Viper V-16 (PC) review
"Rise follows three young girls, and whether you turn right or left at each of the two junctions determines who (if anyone) gets kidnapped and raped. Squeezed in and around your three in-game choices are some lurid story scenes. My favorite scene is when the two brainwashed women seduce the third girl — every hentai game needs some hot lesbian action!"
Viper V-16 contains two hentai games. Neither one is good. Rise, a game that revels in debauchery, is the cover piece.
Watch the introduction. Choose to "escape" (lose instantly) or "think about the situation". Go left or right at the first T-junction. Go left or right at the second T-junction. Fight the final boss.
Yes, this is the shortest CD-based game ever created. Even Slime World on the X68000, which was designed by bored Japanese students, beats this for depth. Rise follows three young girls, and whether you turn right or left at each of the two junctions determines who (if anyone) gets kidnapped and raped.
Squeezed in and around your three in-game choices are some lurid story scenes. My favorite scene is when the two brainwashed women seduce the third girl -- every hentai game needs some hot lesbian action! The Japanese voices are actually pretty well-done. The music's pretty good, too. The translation is absurd.
"Around the white man there are some wird kind of creatures,which remind of some characters from a special tv program. There are no doubts: they are not normal customers who came to eat."

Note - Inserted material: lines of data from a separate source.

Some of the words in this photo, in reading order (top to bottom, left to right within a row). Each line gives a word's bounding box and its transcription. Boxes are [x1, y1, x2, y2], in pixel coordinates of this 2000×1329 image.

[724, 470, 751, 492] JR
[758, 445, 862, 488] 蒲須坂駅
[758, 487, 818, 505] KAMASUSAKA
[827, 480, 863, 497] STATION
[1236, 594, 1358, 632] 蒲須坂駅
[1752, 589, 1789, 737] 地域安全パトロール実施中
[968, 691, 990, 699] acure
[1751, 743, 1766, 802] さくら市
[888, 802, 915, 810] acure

That's pretty funny, and it might even be intentional. Unfortunately, most lines barely make any sense.
WHITE MAN: "We appoint you as maternal womb of our human kind of underground men"
It's cool how he talks about preserving humanity while flanked by giant insects.
The premise is silly, but then I didn't expect anything else. Martial arts expert AKIRA (red-headed tough girl broken spirit fetish) is working part-time at a restaurant with her friends SAKI (short blue hair older woman fetish) and KARIN (blonde bespectacled purity fetish). One day, the aforementioned not-normal customers show up and carry all three girls away to serve as maternal wombs to preserve the dying underground race of humans that look like insects. I don't know why the underground men waste their time on anal rapes and gushy blowjobs if they're so concerned about procreation, but every plot has a small hole or two.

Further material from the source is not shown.